Digitization

Wise System: Solving the “Last-Mile” Delivery Problem

Using machine learning to plan and perfect delivery routes in real-time.

If you’ve ever sped thousands of miles on a long-haul flight only to get stuck in traffic heading home from the airport, you’ll understand why the last mile is a thorny problem for logistics companies. We think nothing of moving goods globally, but in today’s crowded cities it’s challenging to efficiently deliver packages to the exact home or business where and when they’re needed.

The last mile costs businesses $40 billion a year, or over 50 percent of total shipping costs, while also straining urban infrastructure. Last year, 1.5 million packages were delivered daily in New York City, with double-parked trucks racking up 471,000 parking violations. Deliveries also impact air quality: trucks account for five percent of road vehicles but 27 percent of emissions.

Last-mile demand is forecast to increase 78 percent by 2030, so this challenge is entrenched and growing. With the COVID-19 shutdown accelerating our transition to an all-delivery economy, and shipments surging as cities reopen and businesses restock, we urgently need a new approach.

Finding a path forward

Of course, delivery fleets don’t want to clog our streets: they’d prefer to glide frictionlessly from one drop-off to the next, saving time, fuel, and money while delighting customers with consistently on-time deliveries. But charting efficient routes through constantly changing urban environments is a complex and dynamic problem that drivers and dispatchers struggle to solve.

That’s where Wise Systems comes in. Led by CEO Chazz Sims, the Cambridge, MA, startup is bringing fresh eyes to an old industry. The remarkable team of founders, who met at MIT’s Media Lab, combine technical savvy with clarity of insight, allowing them not only to identify the problem, but to build a real solution. The end result: a product that uses machine learning to plan and perfect delivery routes in real time, giving fleets dynamic tools to ensure drivers always take the best possible route.

Unlike old-school route-planning software, which is static and unsuited to complex urban environments, Wise Systems’ solution is dynamic, responding in real time to unforeseen road conditions, driver inputs, or customer requests to constantly re-optimize routes. Wise Systems’ powerful machine learning engine also learns from the changes made by dispatchers and drivers to continually improve.

Making smarter choices

The results are compelling: Wise Systems’ customers report annual cost savings totaling thousands of dollars per route, while reducing miles driven (and thus emissions) by at least 15%. Smarter planning also lets managers make smarter choices, prioritizing speed of delivery, fuel economy, or route efficiency.

Wise Systems’ AI technology learns from drivers as they complete their routes. If a driver deviates from their assigned route — perhaps because a customer prefers trucks to approach from a certain direction — the Wise Systems algorithm intelligently absorbs that information and incorporates it into future planning. That ensures drivers are working with, not against, their routing system, reducing frustrations and burnout — an important consideration as driver turnover approaches 96 percent per year. And when drivers do leave, their knowledge is preserved in the Wise Systems algorithm, ensuring easy onboarding for new drivers and continuity for customers.

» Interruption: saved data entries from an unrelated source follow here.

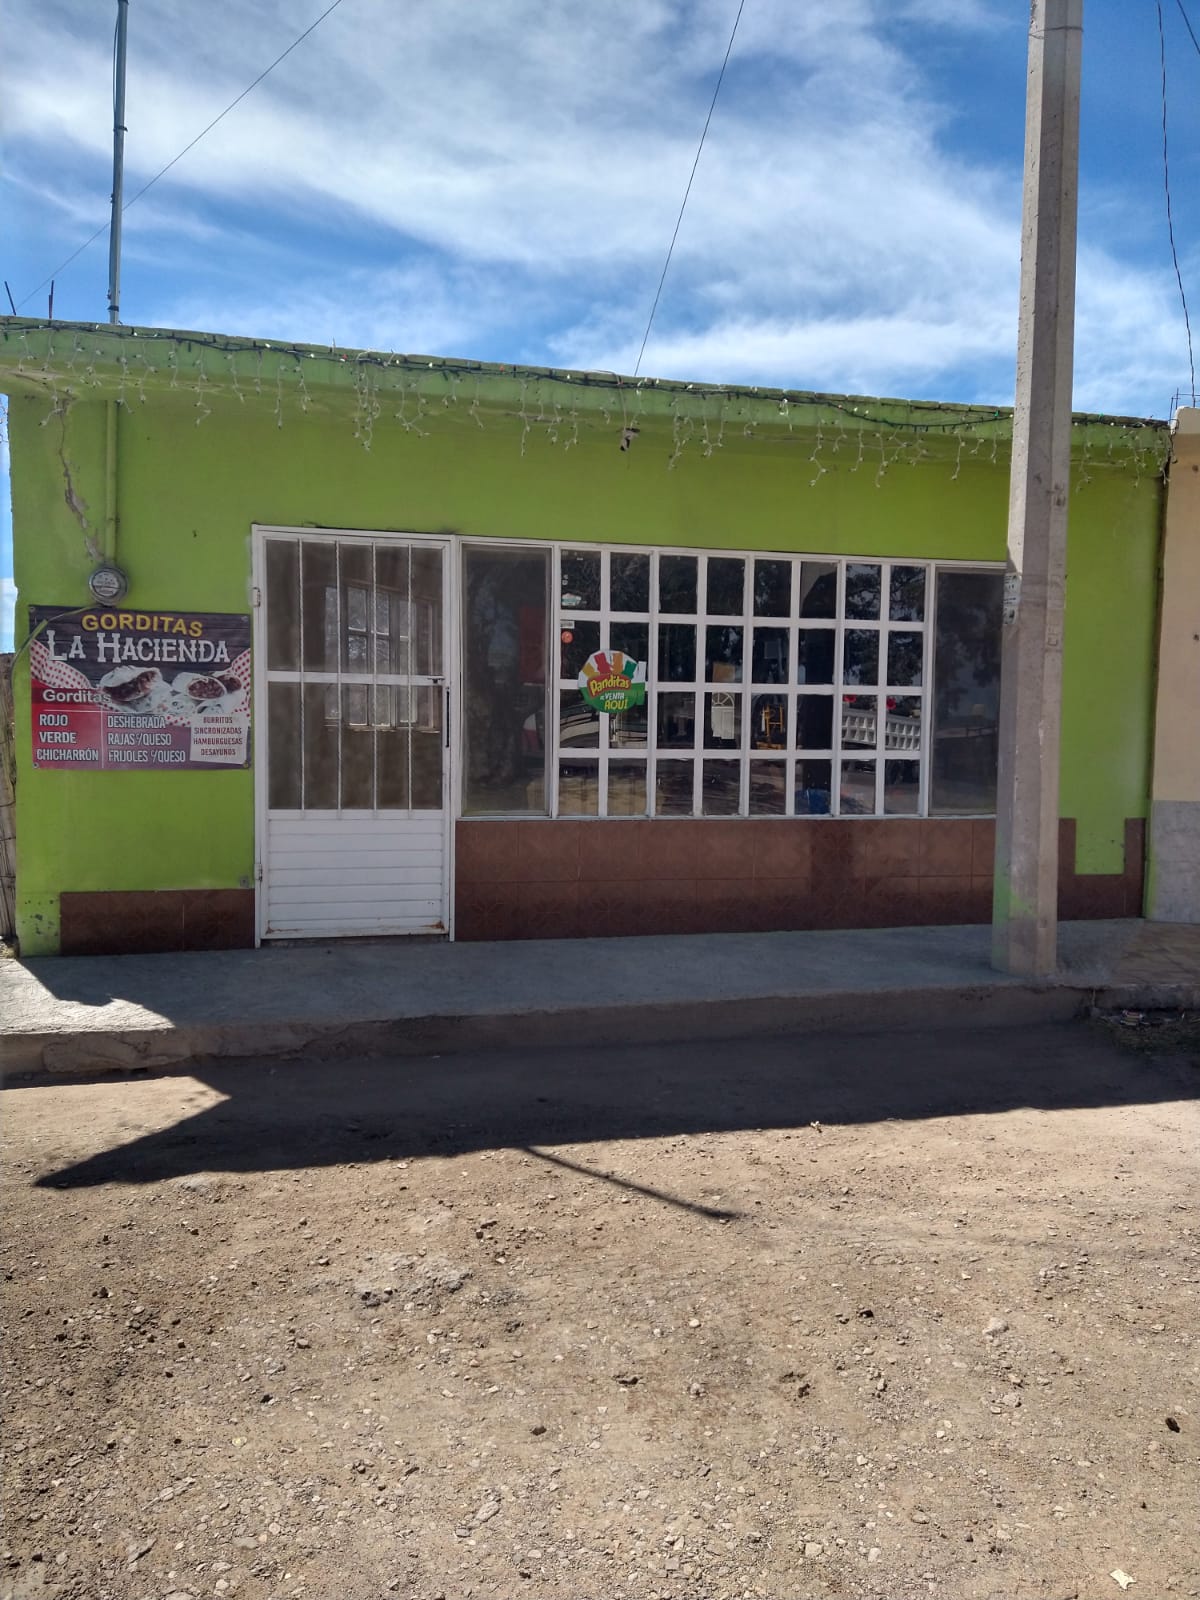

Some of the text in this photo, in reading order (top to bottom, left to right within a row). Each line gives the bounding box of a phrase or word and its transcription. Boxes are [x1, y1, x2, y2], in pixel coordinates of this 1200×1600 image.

[82, 613, 203, 637] GORDITAS
[46, 630, 230, 663] LA HACIENDA
[590, 675, 629, 696] Panditas
[43, 689, 112, 703] Gorditas
[39, 714, 69, 726] ROJO
[107, 716, 166, 729] DESHEBRADA
[39, 731, 77, 744] VERDE
[194, 727, 242, 735] SINCRONIZADAS
[108, 733, 135, 745] RAJAS
[193, 737, 243, 745] HAMBURGUESAS
[36, 748, 99, 761] CHICHARRÓN
[108, 750, 148, 762] FRIJOLES
[200, 748, 236, 756] DESAYUNOS
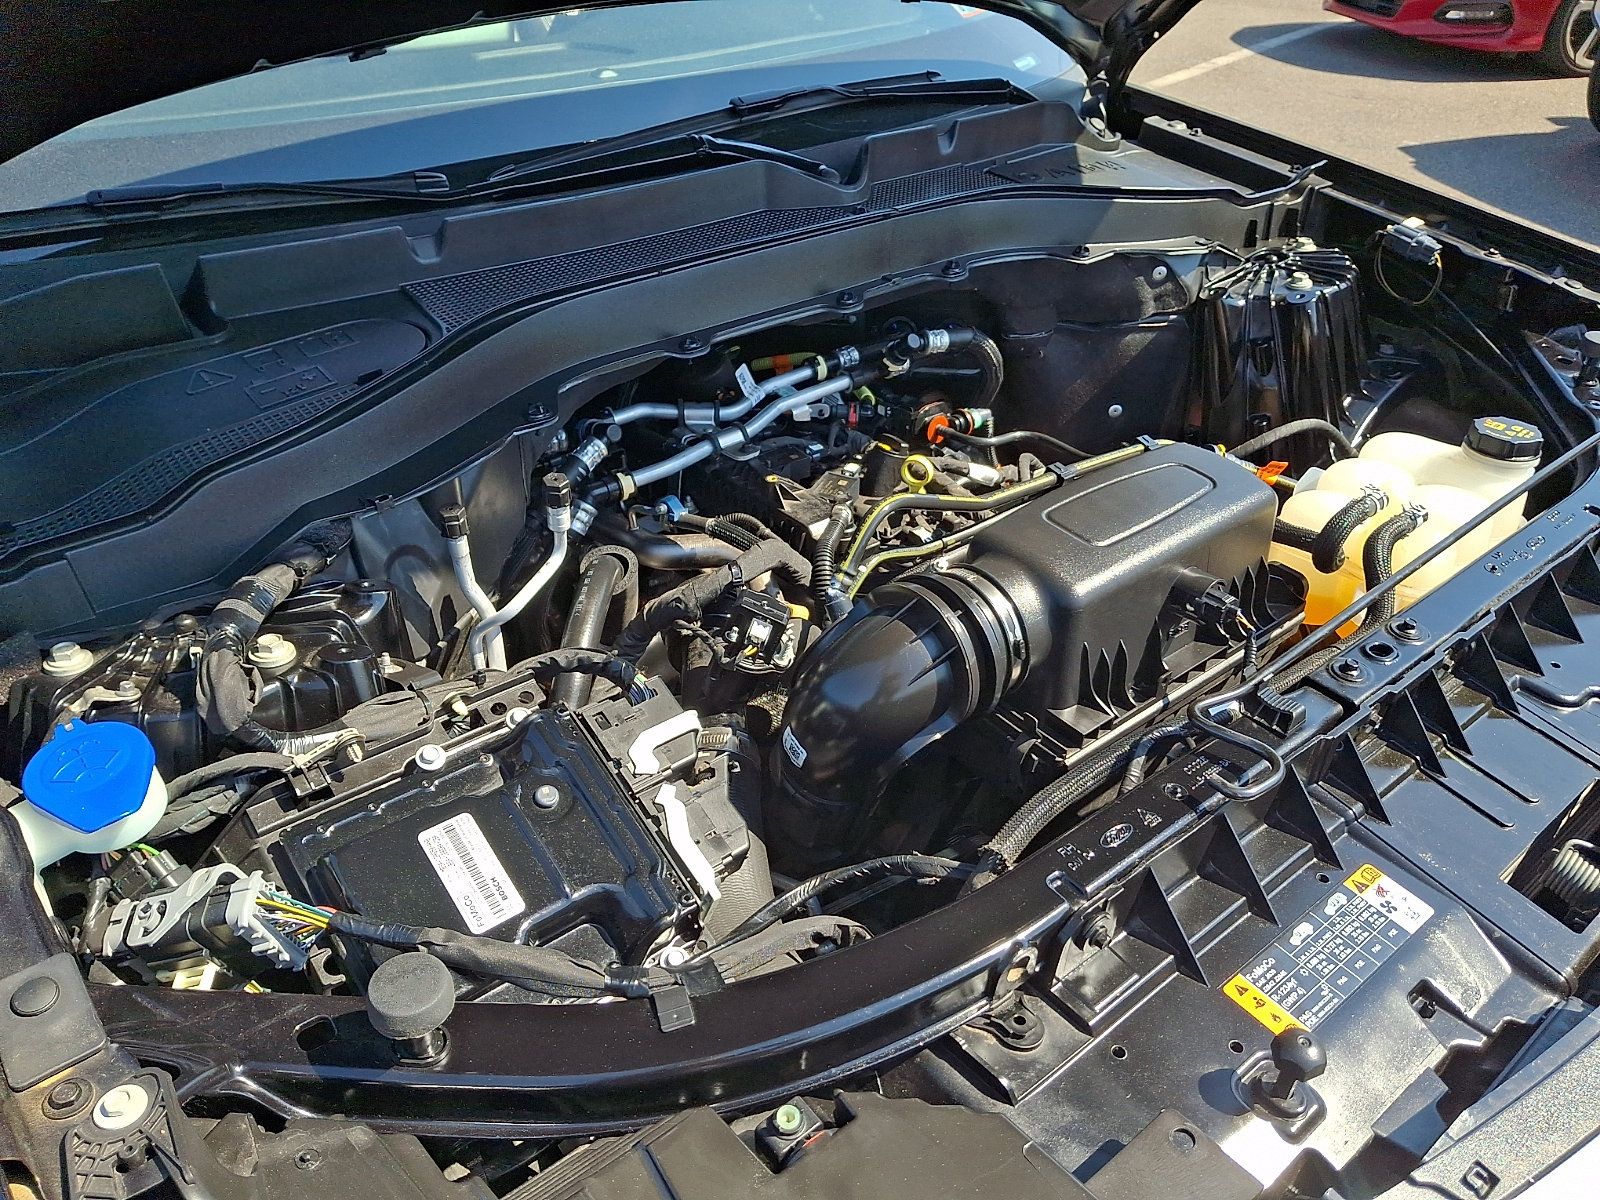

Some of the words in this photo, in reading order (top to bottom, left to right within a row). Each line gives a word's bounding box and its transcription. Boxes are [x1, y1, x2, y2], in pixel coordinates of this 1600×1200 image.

[491, 877, 508, 900] BOSCH
[464, 896, 484, 927] FoMoCo
[1246, 958, 1275, 981] FoMoCo
[1272, 978, 1297, 1001] R-1234yf
[1281, 992, 1298, 1009] (GWP
[1299, 1011, 1312, 1022] PAG
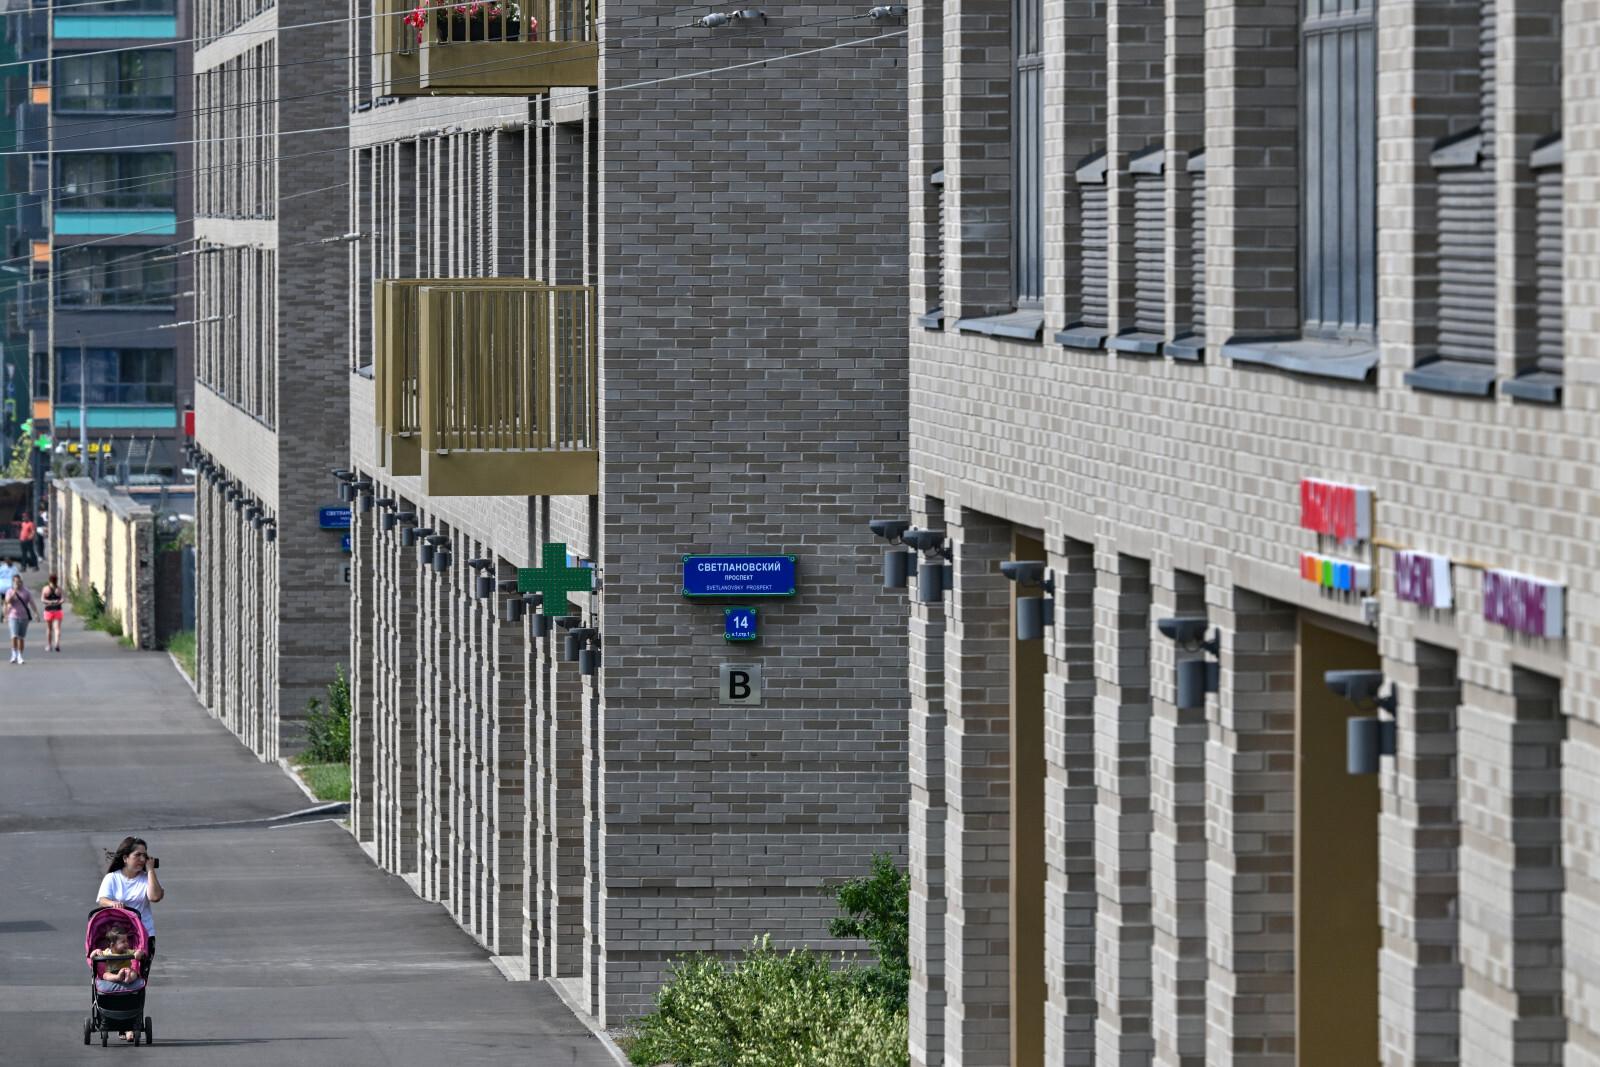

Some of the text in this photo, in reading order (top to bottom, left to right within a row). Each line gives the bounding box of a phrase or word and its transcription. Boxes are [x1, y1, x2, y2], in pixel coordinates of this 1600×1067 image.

[697, 561, 781, 572] СВЕТЛАНОВСКИЙ
[733, 616, 749, 629] 14
[729, 671, 751, 699] В
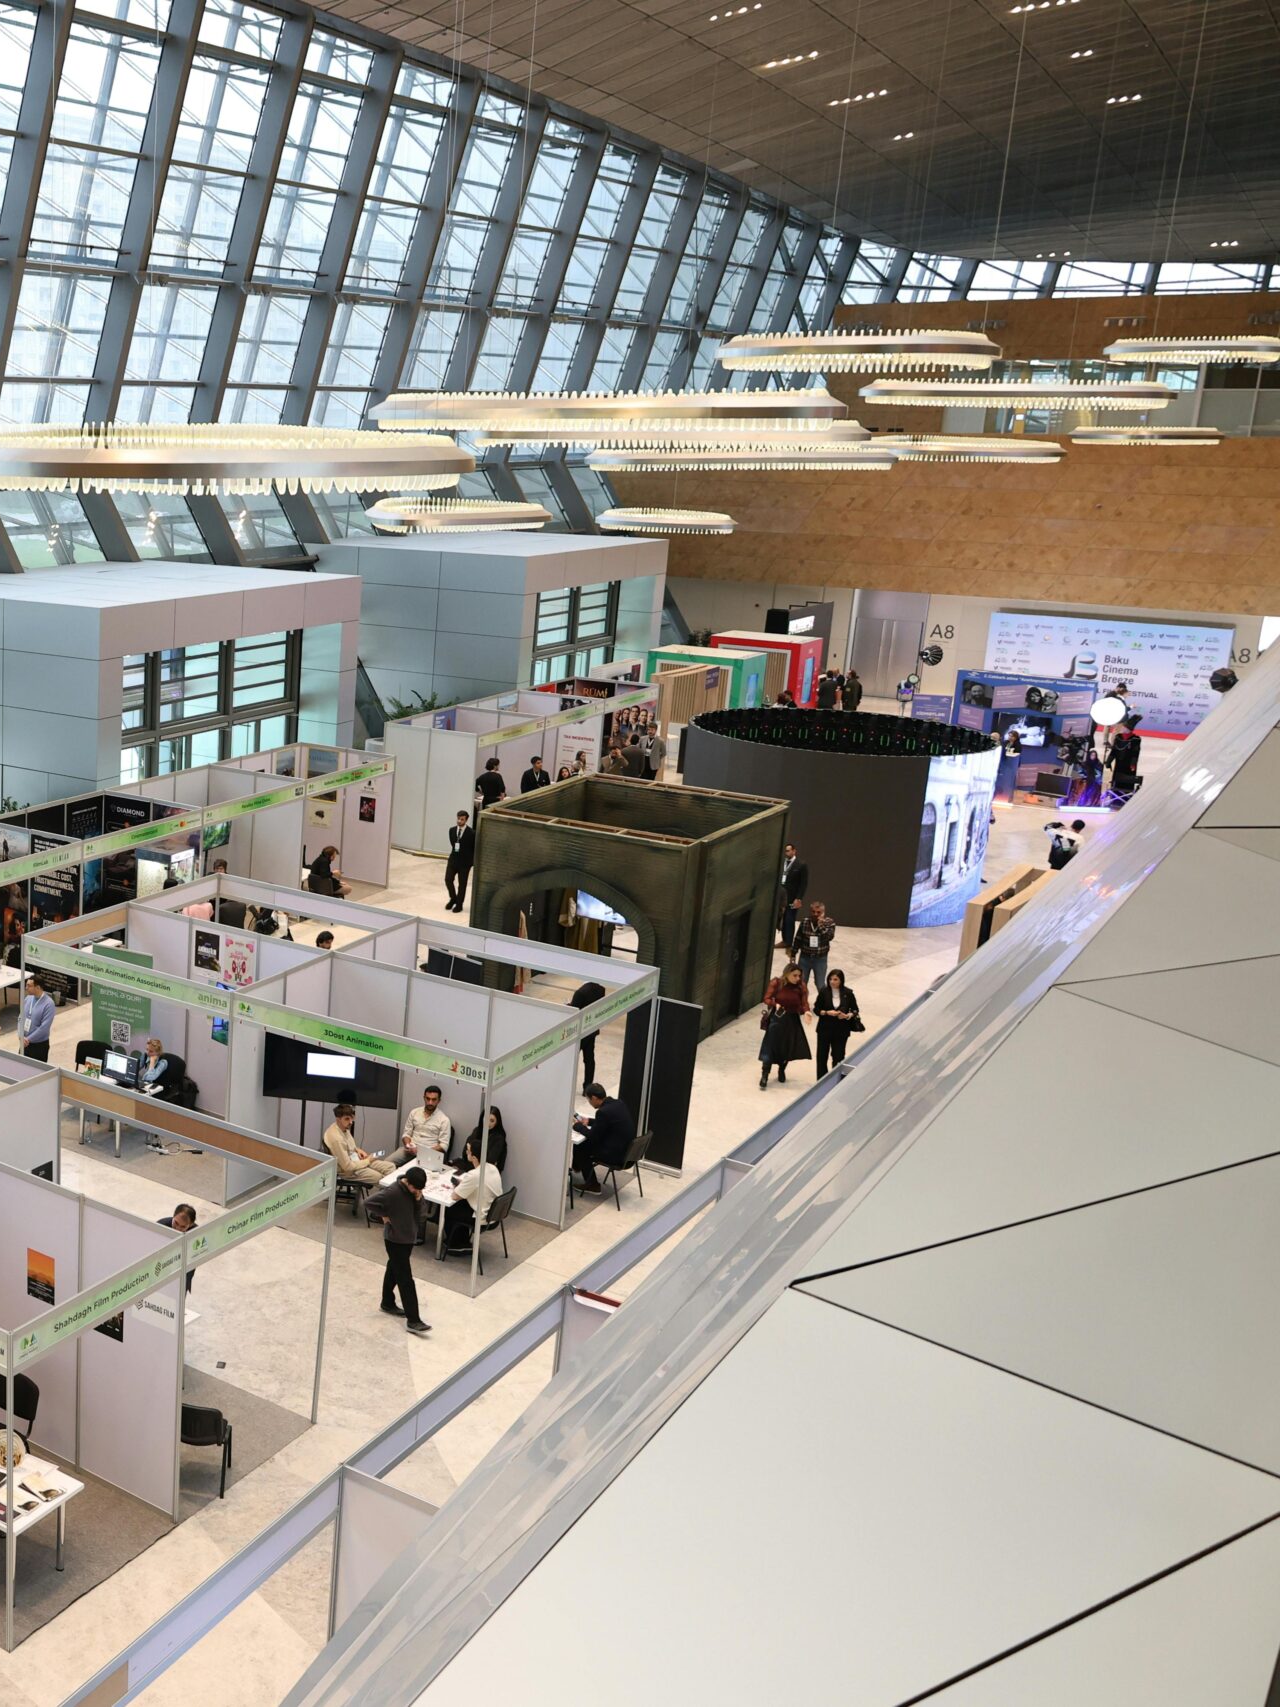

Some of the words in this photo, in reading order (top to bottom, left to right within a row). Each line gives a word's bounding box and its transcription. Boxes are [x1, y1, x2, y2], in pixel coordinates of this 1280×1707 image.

[930, 623, 954, 639] A8
[1104, 654, 1130, 665] Baku
[1102, 664, 1139, 676] Cinema
[1101, 674, 1134, 685] Breeze
[116, 806, 145, 817] DIAMOND
[74, 960, 105, 975] Azerbaijan
[105, 966, 136, 982] Animation
[136, 974, 172, 992] Association
[197, 993, 228, 1008] anima
[324, 1028, 345, 1041] 3Dost
[346, 1032, 384, 1051] Animation
[460, 1065, 486, 1080] 3Dost
[227, 1217, 249, 1235] Chinar
[249, 1210, 264, 1224] Film
[264, 1191, 299, 1216] Production
[53, 1302, 93, 1333] Shahdagh
[93, 1296, 110, 1310] Film
[110, 1272, 150, 1300] Production
[163, 1308, 175, 1320] FILM

Wise Systems’ ability to adapt to changing circumstances, from minor inconveniences like road closures to major shocks like COVID-19, makes fleets more efficient and resilient, no matter what the future brings. Real-time route updates mean more punctual deliveries and happier customers: Anheuser-Busch, for instance, was able to reduce late arrivals by 80% after switching to Wise Systems. Customers also get more accurate ETAs — always an important factor in customer satisfaction, but an increasingly critical capability as businesses implement staggered delivery slots to promote social distancing.

Photo by Maarten van den Heuvel on Unsplash

Getting there from here

For America’s 150,000 delivery fleets, the Wise Systems platform couldn’t have come at a better time. Now, Sims and his team are poised to unlock a multibillion-dollar global market for next-generation fleet-management tools, while also solving one of the critical challenges facing major cities.

That’s exactly the kind of transformative innovation we created Valo Ventures to support. We fund companies with serious growth potential, but we also believe that the biggest opportunities lie in addressing the pent-up demand for scalable solutions to major societal problems. Urban sustainability and mobility are core values for us, and we’re eager to bring Wise Systems’ technologies to a wider audience.

It will take more than great software to solve the last-mile problem, but Wise Systems is leading the way by showing the feasibility and commercial potential of innovating the last mile. Cracking this nut won’t be easy. But with the right people, the right ideas, and the determination to drive real change, we believe that you can get there from here.